Owners and operators of affected Indian Motorcycle Scout Bobber + Tech 2025 vehicles; fleet managers; automotive security researchers; physical security teams responsible for motorcycle storage and access control; incident response teams tracking connected vehicle threats

Technical summary

The Wireless Control Module (WCM) in the Indian Motorcycle Scout Bobber + Tech 2025 model year implements PIN authentication using a non-cryptographic response computation. An attacker with read access to the in-vehicle network can capture a single PIN authentication exchange between the Infotainment Digital Round display and the WCM, then mathematically derive the user-set unlock PIN from the observed values. This constitutes a passive, adjacent-network authentication bypass against the motorcycle's primary user-authentication control.

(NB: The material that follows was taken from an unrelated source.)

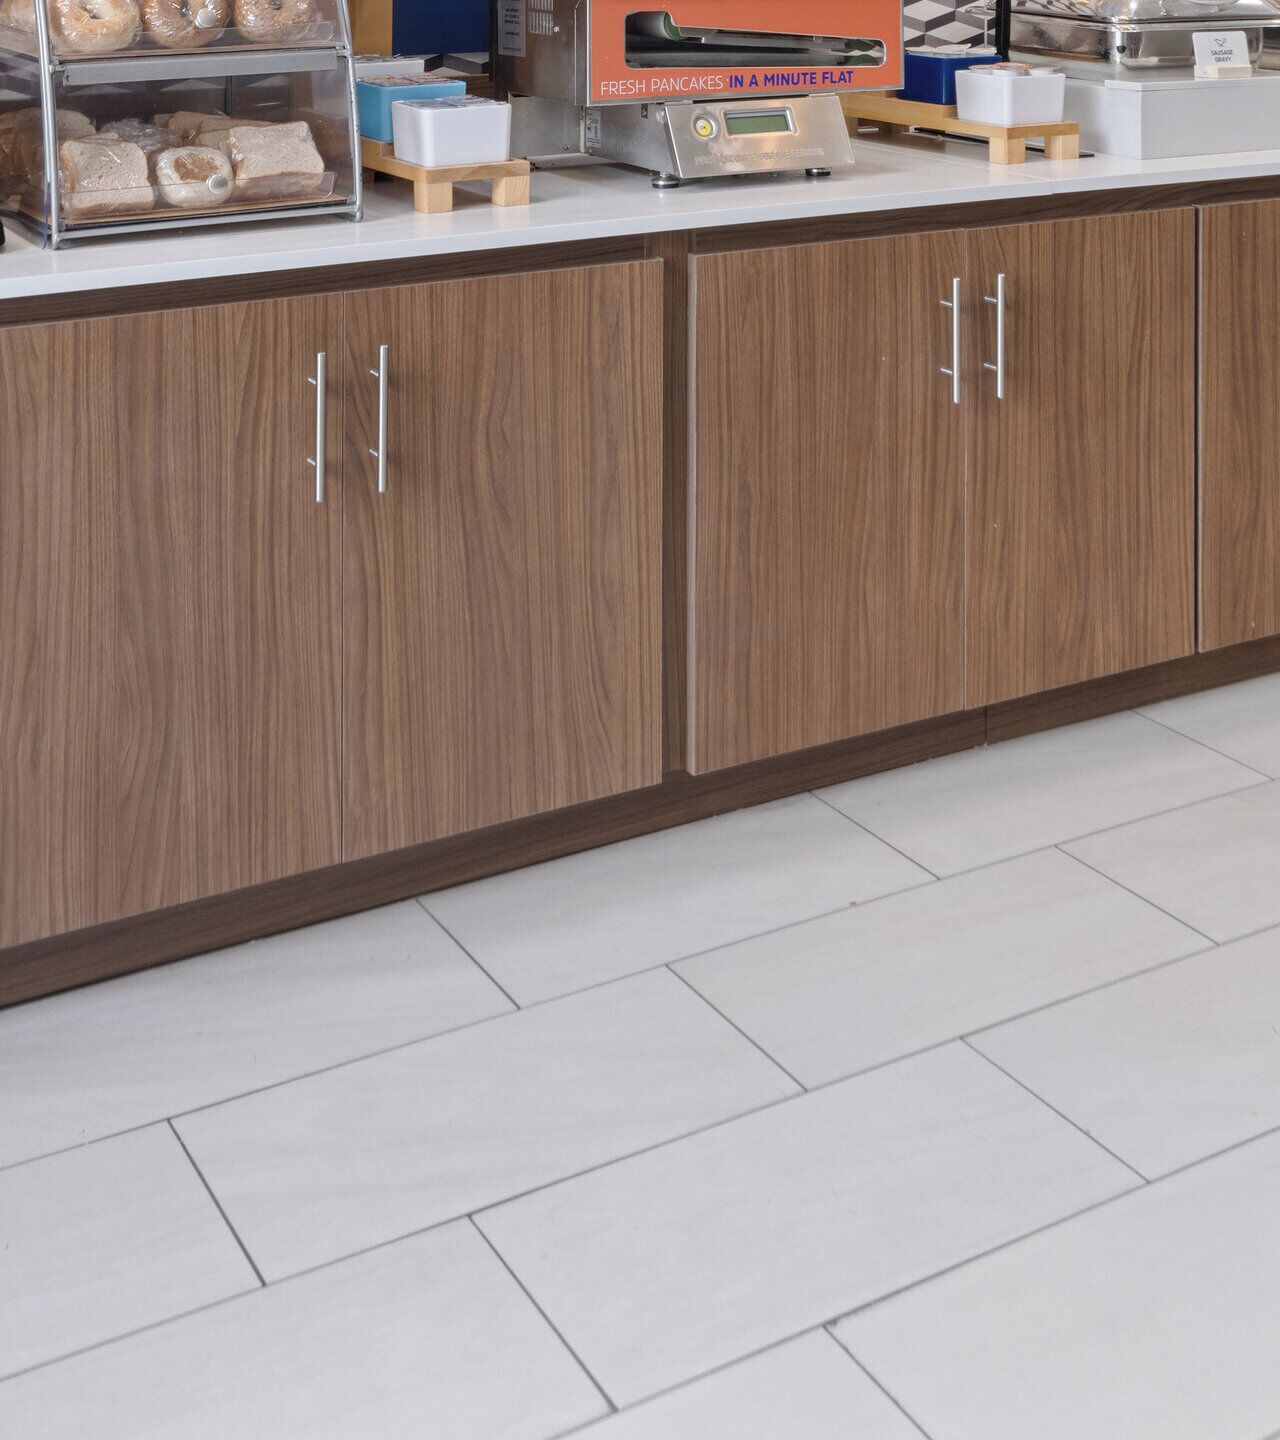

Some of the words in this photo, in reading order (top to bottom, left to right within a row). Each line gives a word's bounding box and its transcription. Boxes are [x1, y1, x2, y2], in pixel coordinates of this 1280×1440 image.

Specific protocol details are withheld pending vendor remediation.

Defensive priority

medium

Recommended defensive actions

  • Restrict physical and network-layer access to the in-vehicle network to trusted personnel only
  • Monitor for unauthorized diagnostic or network access tools connected to the motorcycle's communication buses
  • Apply vendor firmware or software updates for the Wireless Control Module and Infotainment Digital Round display when available
  • Consider additional physical security controls (e.g., secure parking, tamper-evident hardware) to reduce adjacent-network attack opportunities
  • Review and update threat models for connected vehicle assets to account for passive authentication bypass risks

Evidence notes

The vulnerability description is sourced from the official CVE record and NVD entry. The ASRG reference link provides the originating advisory. Vendor attribution is marked as low-confidence 'Unknown Vendor' with candidate evidence pointing to ASRG as the reference domain; this field is flagged for review.